> [TASK STATEMENT]: The following data is to be repeated exactly, its pictures excluded.

[PROVIDED RECORDS]

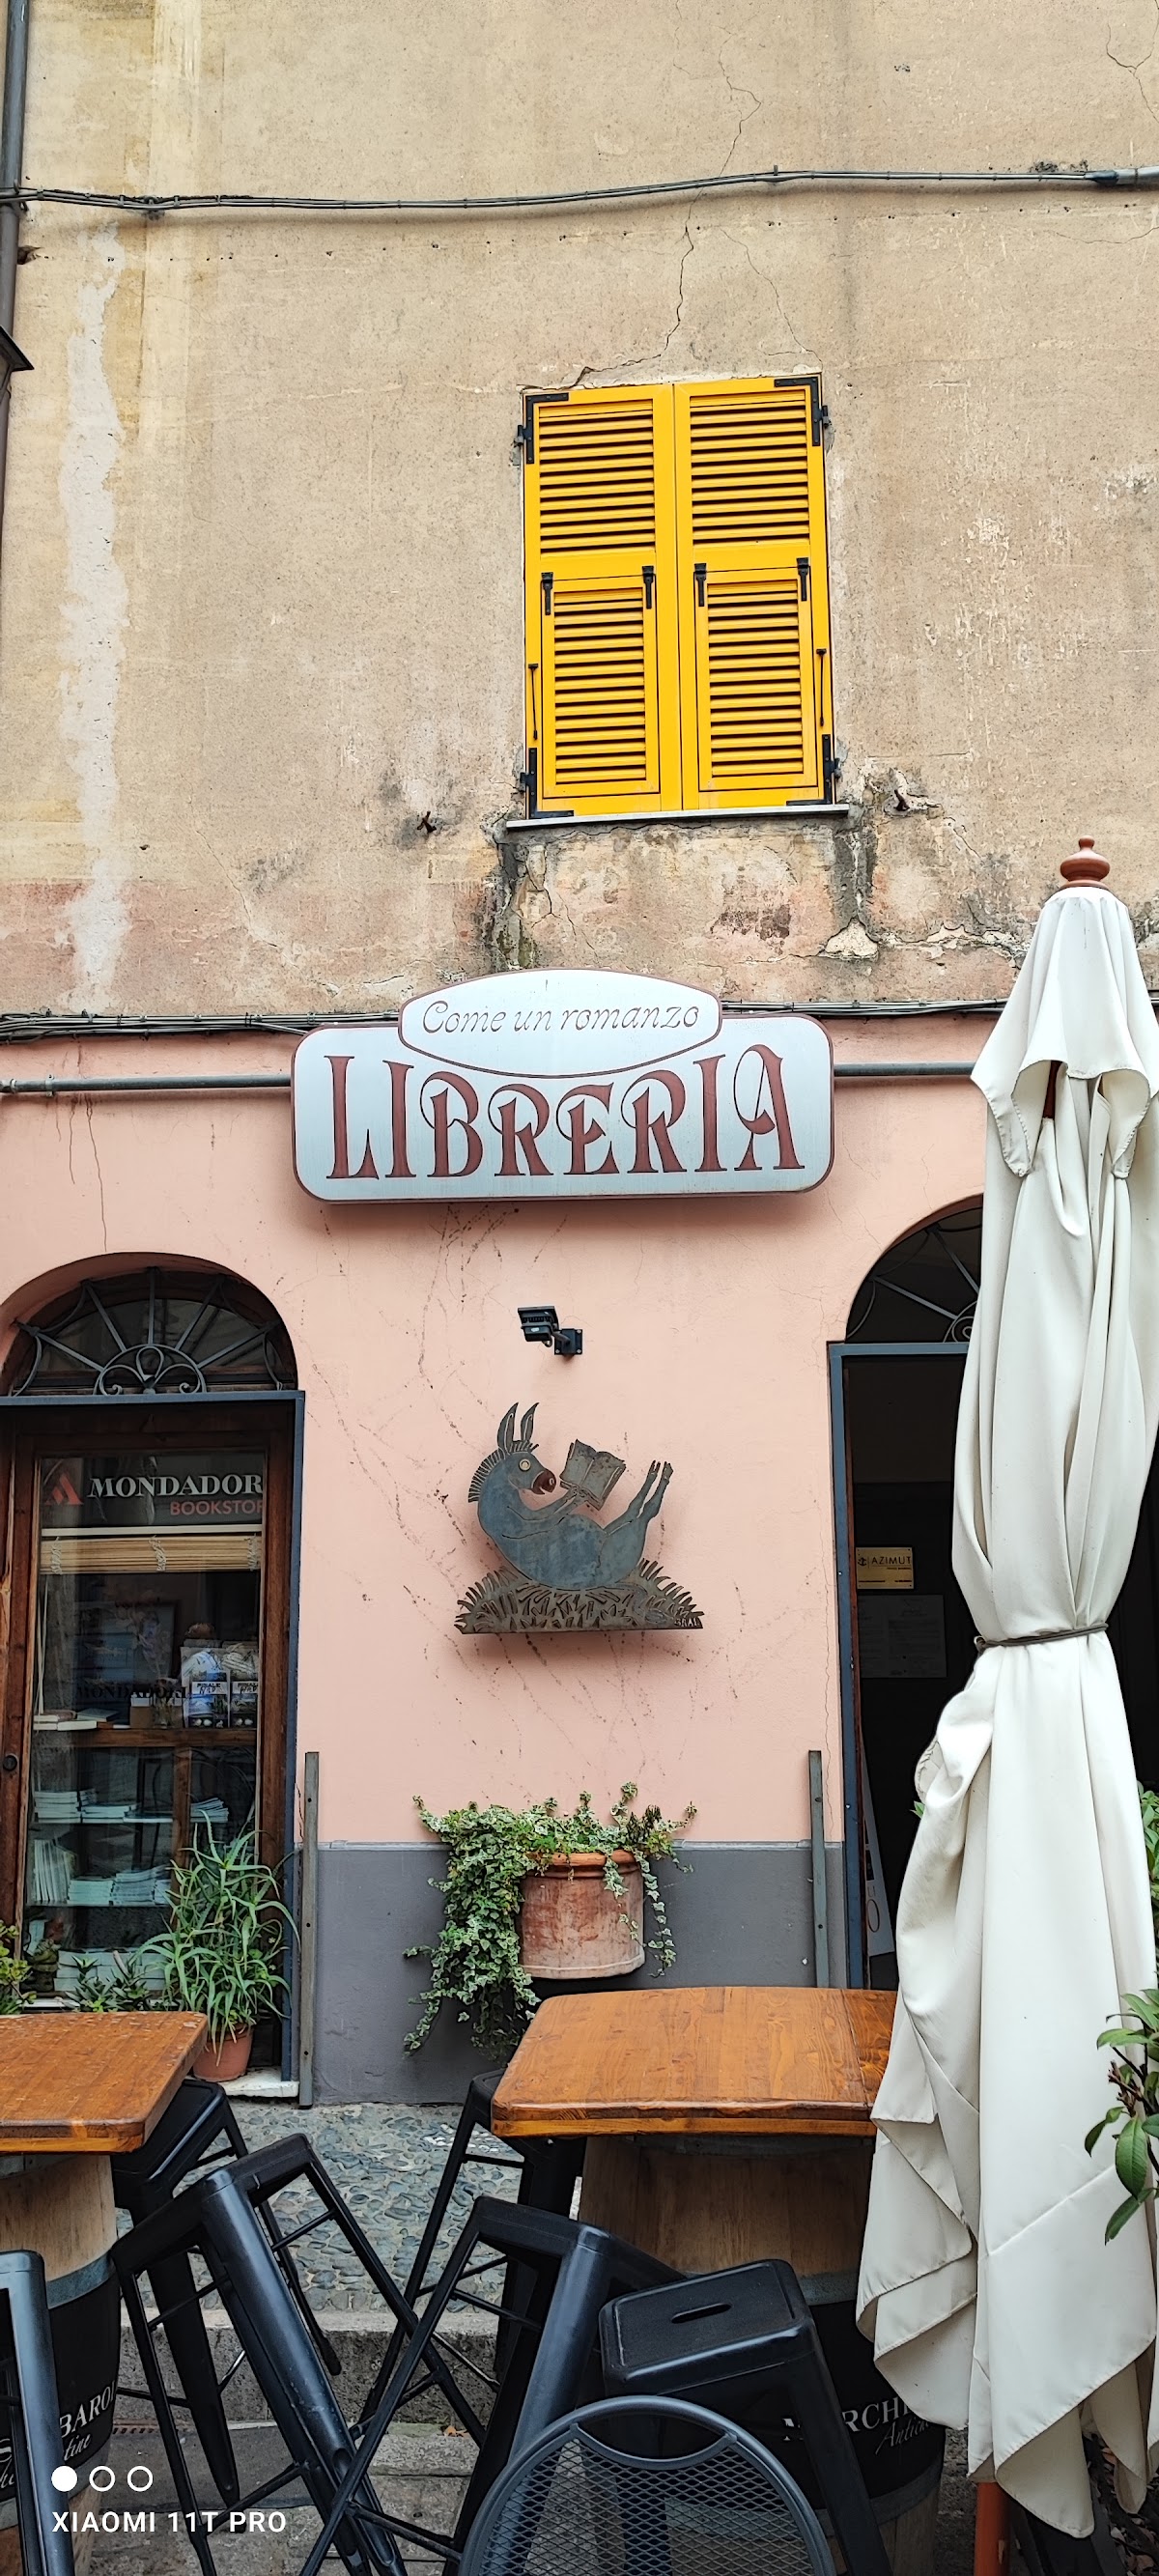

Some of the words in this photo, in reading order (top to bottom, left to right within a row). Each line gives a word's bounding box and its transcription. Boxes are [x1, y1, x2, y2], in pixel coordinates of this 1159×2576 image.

[422, 1000, 503, 1034] Come
[514, 1007, 552, 1032] un
[561, 1003, 700, 1032] romanzo
[324, 1043, 806, 1180] LIBRERIA
[87, 1474, 263, 1497] MONDADOR
[170, 1500, 263, 1515] BOOKSTO
[871, 1556, 912, 1565] AZIMUT
[63, 2433, 92, 2462] tine
[874, 2417, 929, 2456] Antic

[/PROVIDED RECORDS]

> [EXERCISE ANSWER]:
Some of the words in this photo, in reading order (top to bottom, left to right within a row). Each line gives a word's bounding box and its transcription. Boxes are [x1, y1, x2, y2], in pixel coordinates of this 1159×2576 image.

[422, 1000, 503, 1034] Come
[514, 1007, 552, 1032] un
[561, 1003, 700, 1032] romanzo
[324, 1043, 806, 1180] LIBRERIA
[87, 1474, 263, 1497] MONDADOR
[170, 1500, 263, 1515] BOOKSTO
[871, 1556, 912, 1565] AZIMUT
[63, 2433, 92, 2462] tine
[874, 2417, 929, 2456] Antic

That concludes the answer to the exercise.